**What needs to be done:**
All of the records below are to be printed exactly; the pictures are to be left out.

**Given information:**
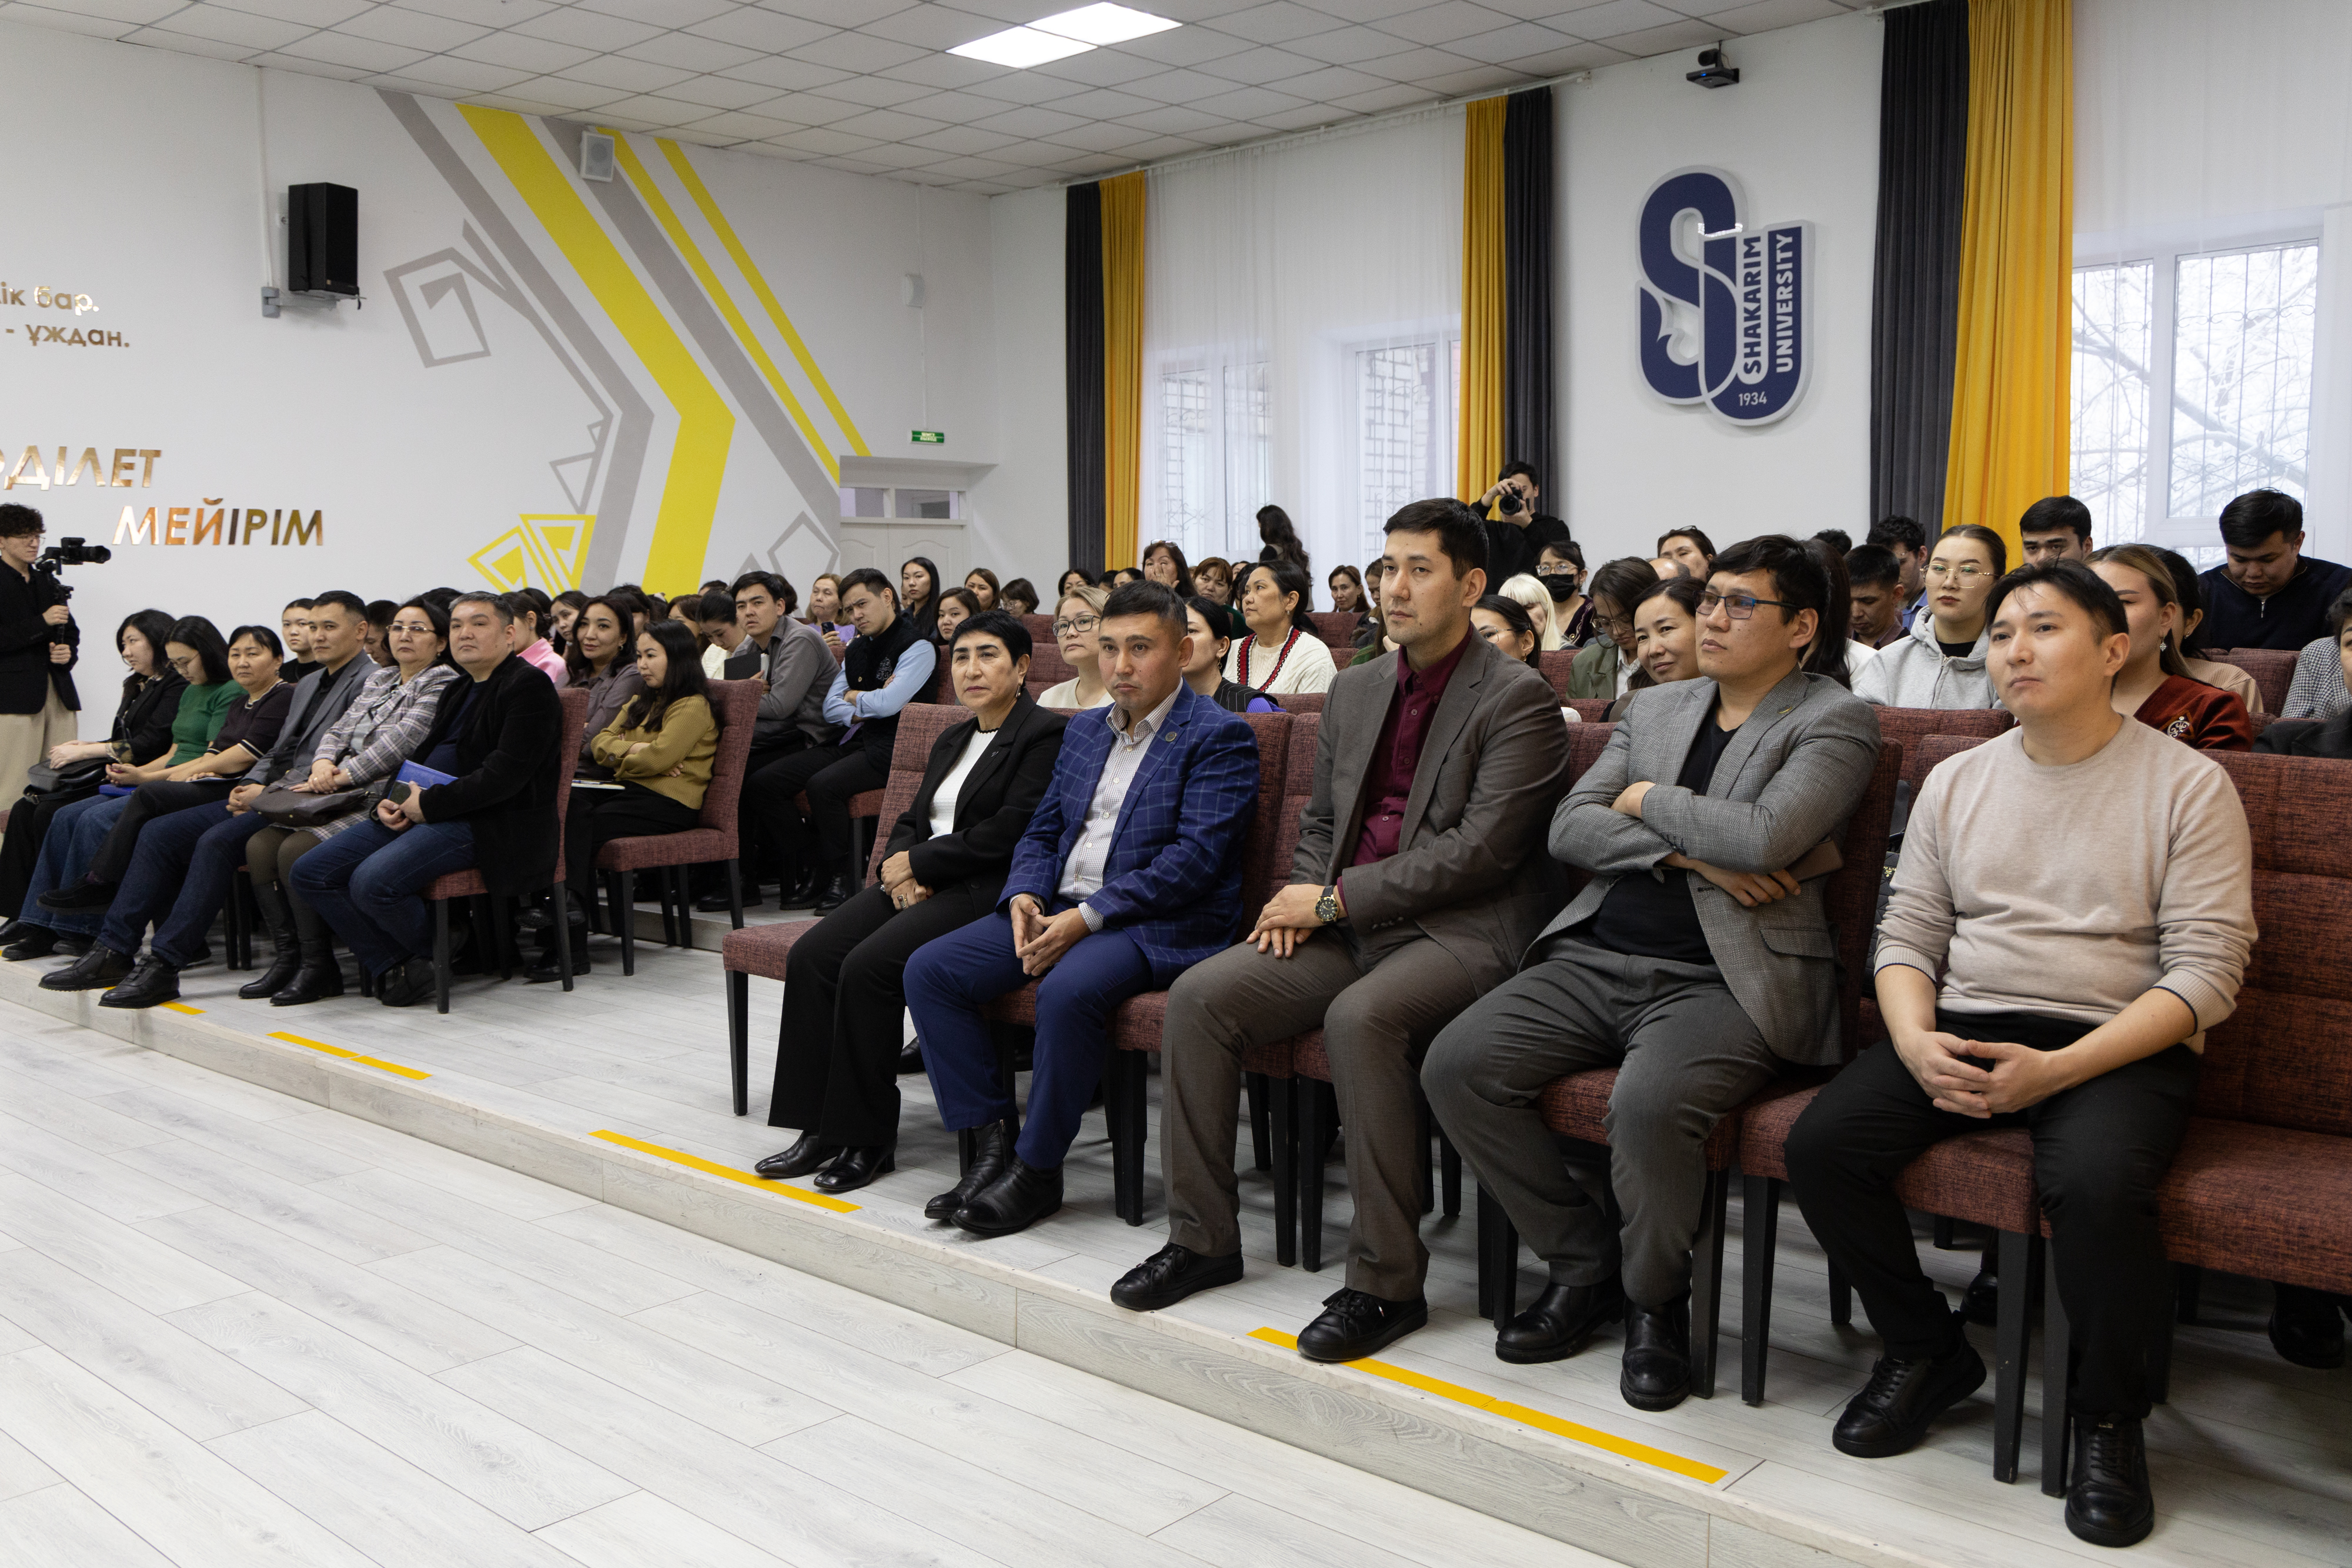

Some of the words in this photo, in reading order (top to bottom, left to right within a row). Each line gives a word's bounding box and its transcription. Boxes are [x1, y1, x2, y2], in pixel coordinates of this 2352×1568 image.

[0, 282, 26, 306] ік
[34, 286, 99, 316] бар.
[1743, 236, 1761, 374] SHAKARIM
[1776, 234, 1793, 373] UNIVERSITY
[25, 324, 129, 347] ұждан.
[1738, 391, 1767, 406] 1934
[0, 445, 162, 491] ДІЛЕТ
[112, 497, 323, 546] МЕЙІРІМ

**Answer to this task:**
Some of the words in this photo, in reading order (top to bottom, left to right within a row). Each line gives a word's bounding box and its transcription. Boxes are [x1, y1, x2, y2], in pixel coordinates of this 2352×1568 image.

[0, 282, 26, 306] ік
[34, 286, 99, 316] бар.
[1743, 236, 1761, 374] SHAKARIM
[1776, 234, 1793, 373] UNIVERSITY
[25, 324, 129, 347] ұждан.
[1738, 391, 1767, 406] 1934
[0, 445, 162, 491] ДІЛЕТ
[112, 497, 323, 546] МЕЙІРІМ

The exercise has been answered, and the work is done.